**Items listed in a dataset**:
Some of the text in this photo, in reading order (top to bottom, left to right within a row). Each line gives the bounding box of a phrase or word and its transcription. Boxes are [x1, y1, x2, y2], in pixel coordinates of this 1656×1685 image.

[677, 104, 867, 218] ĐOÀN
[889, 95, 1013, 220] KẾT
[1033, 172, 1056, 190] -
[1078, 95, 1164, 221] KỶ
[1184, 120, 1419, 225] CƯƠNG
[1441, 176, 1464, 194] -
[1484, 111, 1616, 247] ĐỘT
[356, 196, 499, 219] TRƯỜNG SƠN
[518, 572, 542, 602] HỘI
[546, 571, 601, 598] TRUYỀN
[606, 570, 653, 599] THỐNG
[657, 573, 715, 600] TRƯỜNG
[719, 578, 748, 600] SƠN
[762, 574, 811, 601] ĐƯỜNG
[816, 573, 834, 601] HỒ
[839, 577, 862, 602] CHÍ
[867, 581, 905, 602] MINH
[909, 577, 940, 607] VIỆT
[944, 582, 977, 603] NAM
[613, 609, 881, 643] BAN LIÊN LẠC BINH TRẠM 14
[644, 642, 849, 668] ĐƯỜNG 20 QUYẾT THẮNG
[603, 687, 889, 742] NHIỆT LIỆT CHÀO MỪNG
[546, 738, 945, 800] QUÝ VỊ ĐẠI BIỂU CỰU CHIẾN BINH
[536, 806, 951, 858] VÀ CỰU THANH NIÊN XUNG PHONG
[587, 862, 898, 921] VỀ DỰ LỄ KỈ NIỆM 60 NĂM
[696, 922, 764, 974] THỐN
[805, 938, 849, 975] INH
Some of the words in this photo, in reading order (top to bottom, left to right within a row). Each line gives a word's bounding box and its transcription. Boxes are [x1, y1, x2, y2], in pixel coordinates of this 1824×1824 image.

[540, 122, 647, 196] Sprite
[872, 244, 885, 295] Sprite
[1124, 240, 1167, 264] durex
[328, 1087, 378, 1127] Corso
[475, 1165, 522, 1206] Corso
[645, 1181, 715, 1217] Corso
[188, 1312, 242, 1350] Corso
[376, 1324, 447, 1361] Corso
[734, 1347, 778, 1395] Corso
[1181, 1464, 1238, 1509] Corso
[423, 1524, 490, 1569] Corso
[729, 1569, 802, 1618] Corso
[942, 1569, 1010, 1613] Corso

**Work to complete**: Once more, write all of the records exactly as given.

**Reply**:
Some of the text in this photo, in reading order (top to bottom, left to right within a row). Each line gives the bounding box of a phrase or word and its transcription. Boxes are [x1, y1, x2, y2], in pixel coordinates of this 1656×1685 image.

[677, 104, 867, 218] ĐOÀN
[889, 95, 1013, 220] KẾT
[1033, 172, 1056, 190] -
[1078, 95, 1164, 221] KỶ
[1184, 120, 1419, 225] CƯƠNG
[1441, 176, 1464, 194] -
[1484, 111, 1616, 247] ĐỘT
[356, 196, 499, 219] TRƯỜNG SƠN
[518, 572, 542, 602] HỘI
[546, 571, 601, 598] TRUYỀN
[606, 570, 653, 599] THỐNG
[657, 573, 715, 600] TRƯỜNG
[719, 578, 748, 600] SƠN
[762, 574, 811, 601] ĐƯỜNG
[816, 573, 834, 601] HỒ
[839, 577, 862, 602] CHÍ
[867, 581, 905, 602] MINH
[909, 577, 940, 607] VIỆT
[944, 582, 977, 603] NAM
[613, 609, 881, 643] BAN LIÊN LẠC BINH TRẠM 14
[644, 642, 849, 668] ĐƯỜNG 20 QUYẾT THẮNG
[603, 687, 889, 742] NHIỆT LIỆT CHÀO MỪNG
[546, 738, 945, 800] QUÝ VỊ ĐẠI BIỂU CỰU CHIẾN BINH
[536, 806, 951, 858] VÀ CỰU THANH NIÊN XUNG PHONG
[587, 862, 898, 921] VỀ DỰ LỄ KỈ NIỆM 60 NĂM
[696, 922, 764, 974] THỐN
[805, 938, 849, 975] INH
Some of the words in this photo, in reading order (top to bottom, left to right within a row). Each line gives a word's bounding box and its transcription. Boxes are [x1, y1, x2, y2], in pixel coordinates of this 1824×1824 image.

[540, 122, 647, 196] Sprite
[872, 244, 885, 295] Sprite
[1124, 240, 1167, 264] durex
[328, 1087, 378, 1127] Corso
[475, 1165, 522, 1206] Corso
[645, 1181, 715, 1217] Corso
[188, 1312, 242, 1350] Corso
[376, 1324, 447, 1361] Corso
[734, 1347, 778, 1395] Corso
[1181, 1464, 1238, 1509] Corso
[423, 1524, 490, 1569] Corso
[729, 1569, 802, 1618] Corso
[942, 1569, 1010, 1613] Corso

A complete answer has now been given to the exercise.